Each entry is to be retyped exactly as it appears. Leave the images out.

[Saved entries]
● ● ● ●
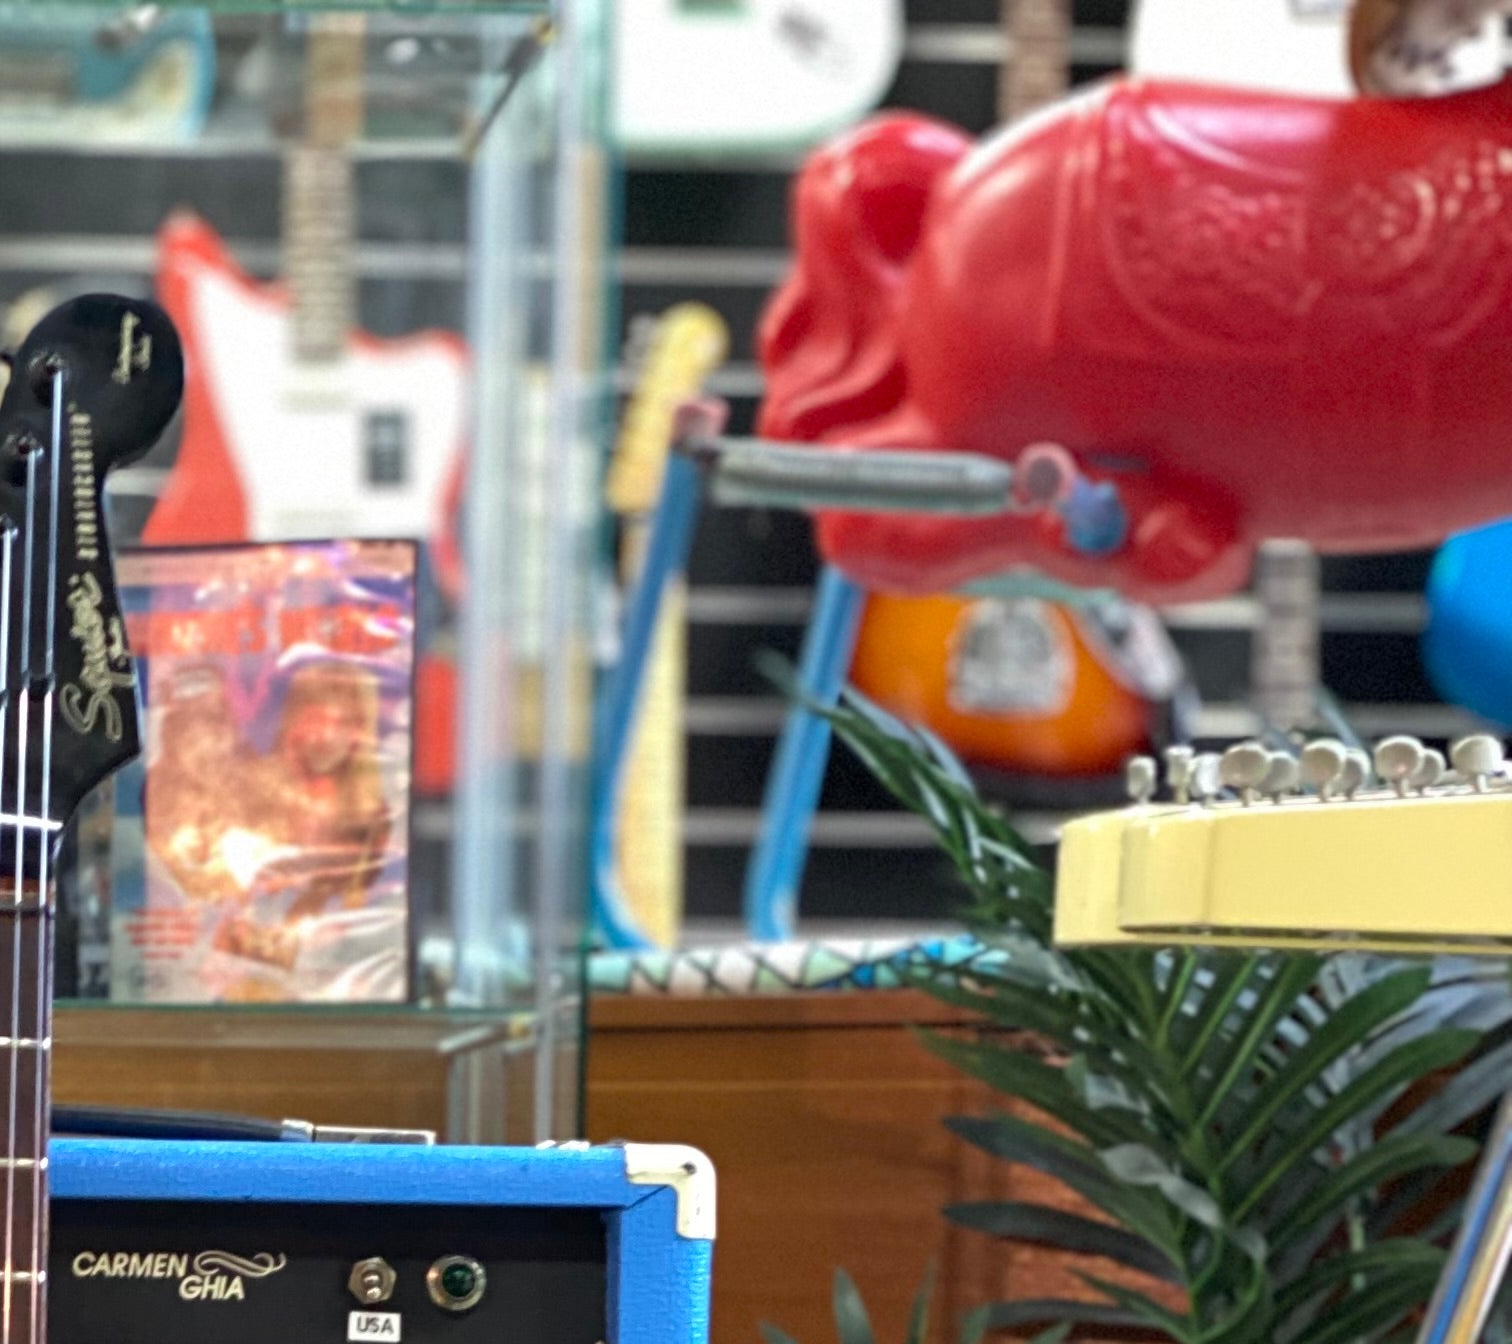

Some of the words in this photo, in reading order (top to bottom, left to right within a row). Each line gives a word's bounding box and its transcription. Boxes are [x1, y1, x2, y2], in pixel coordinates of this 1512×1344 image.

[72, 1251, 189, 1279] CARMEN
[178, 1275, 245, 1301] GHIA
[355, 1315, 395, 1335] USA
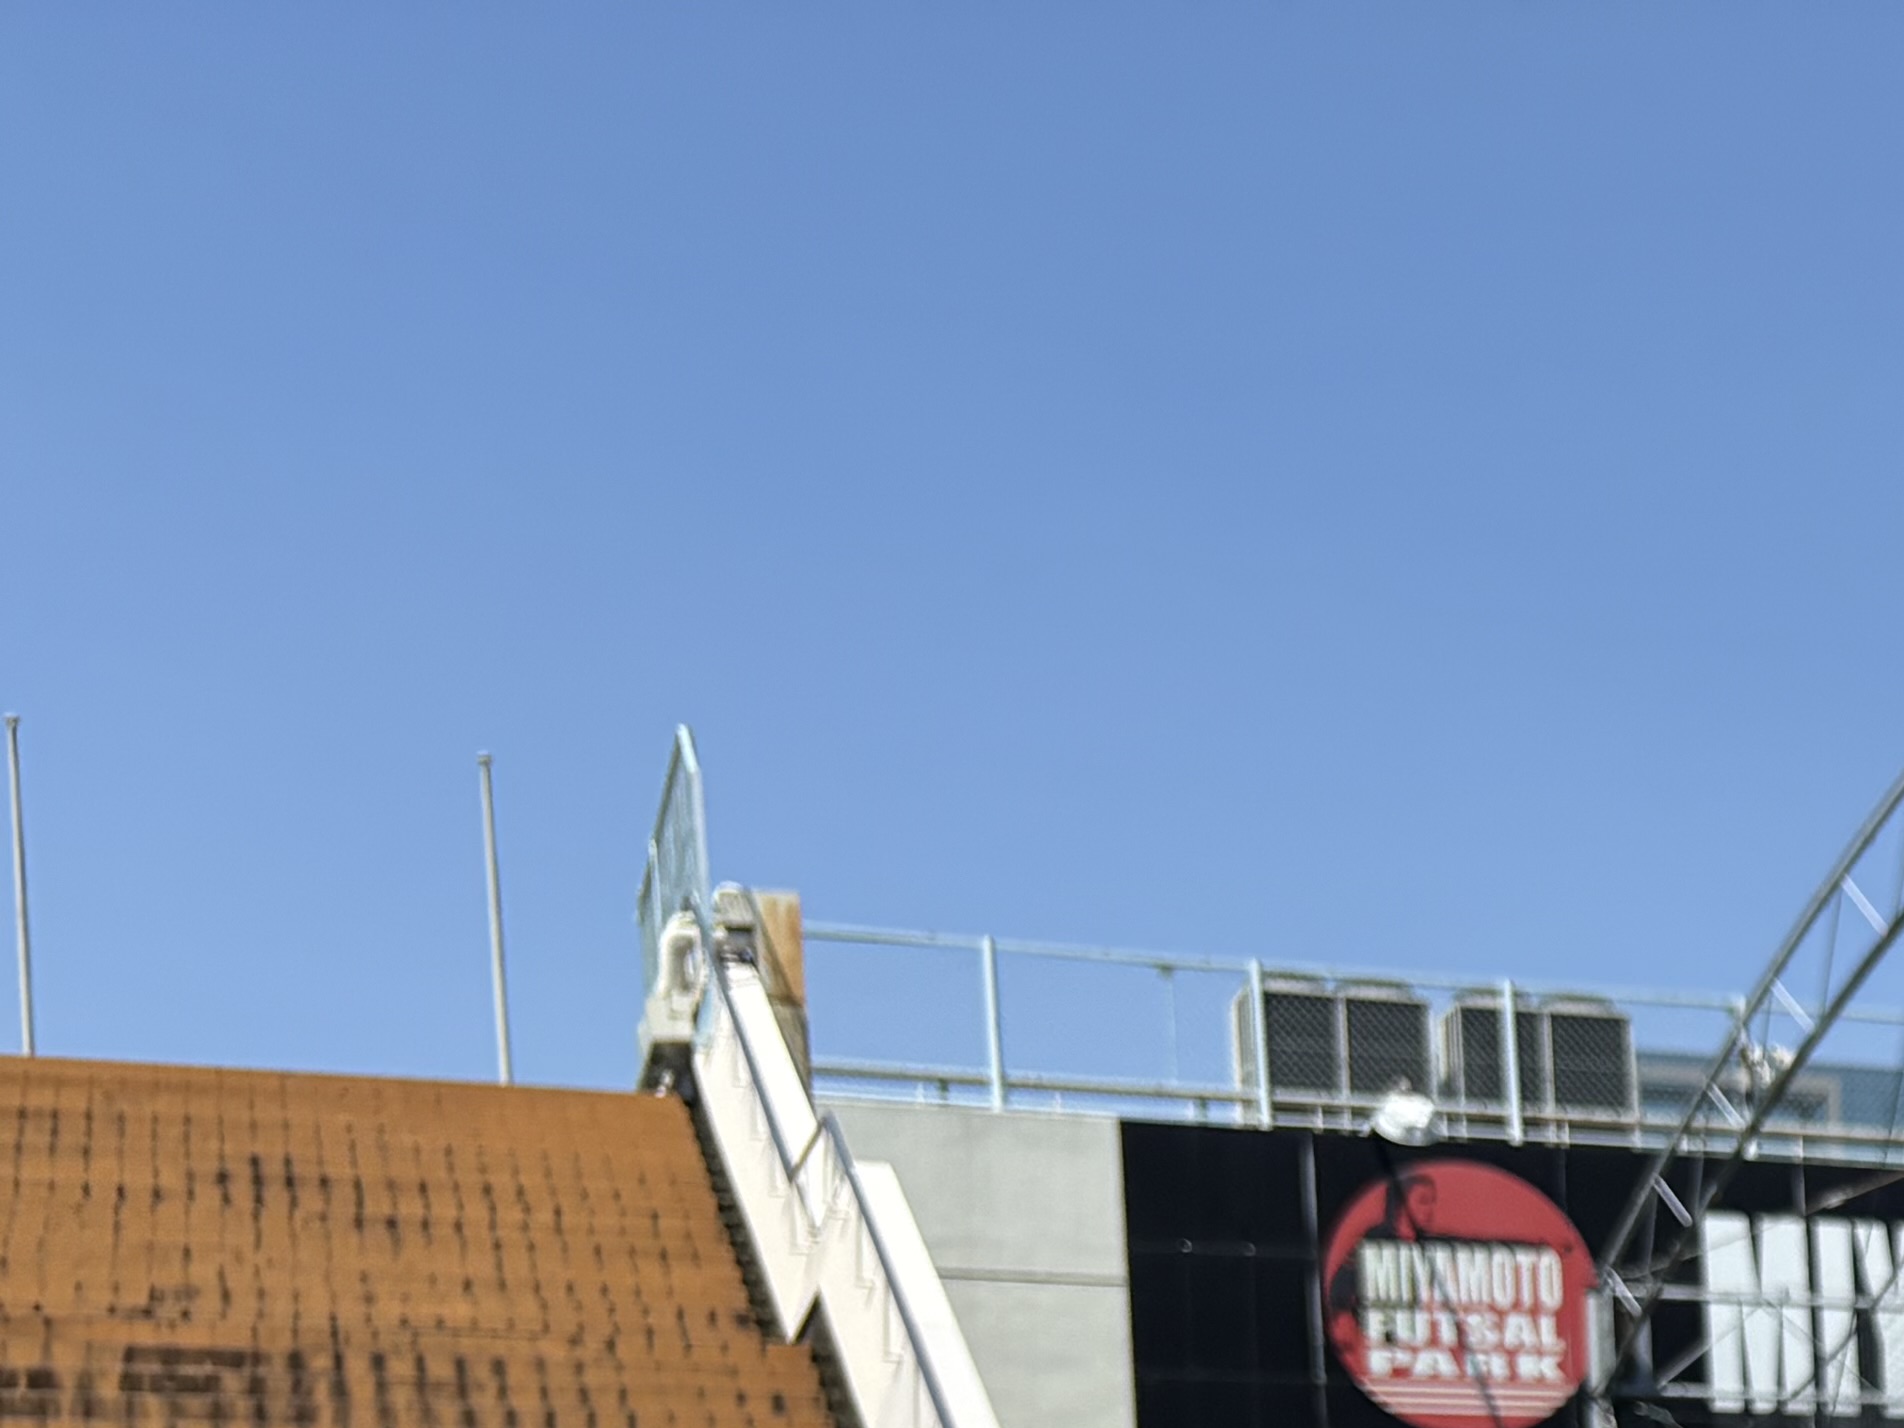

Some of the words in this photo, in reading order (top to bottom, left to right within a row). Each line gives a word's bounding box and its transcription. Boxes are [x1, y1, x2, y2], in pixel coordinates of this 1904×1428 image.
● ● ● ●
(Task result)
Some of the words in this photo, in reading order (top to bottom, left to right within a row). Each line gives a word's bounding box and its transcription. Boxes are [x1, y1, x2, y2], in pixel coordinates of this 1512×1344 image.

[72, 1251, 189, 1279] CARMEN
[178, 1275, 245, 1301] GHIA
[355, 1315, 395, 1335] USA

Some of the words in this photo, in reading order (top to bottom, left to right within a row). Each line gives a word's bounding box and its transcription. Boxes are [x1, y1, x2, y2], in pixel coordinates of this 1904×1428 image.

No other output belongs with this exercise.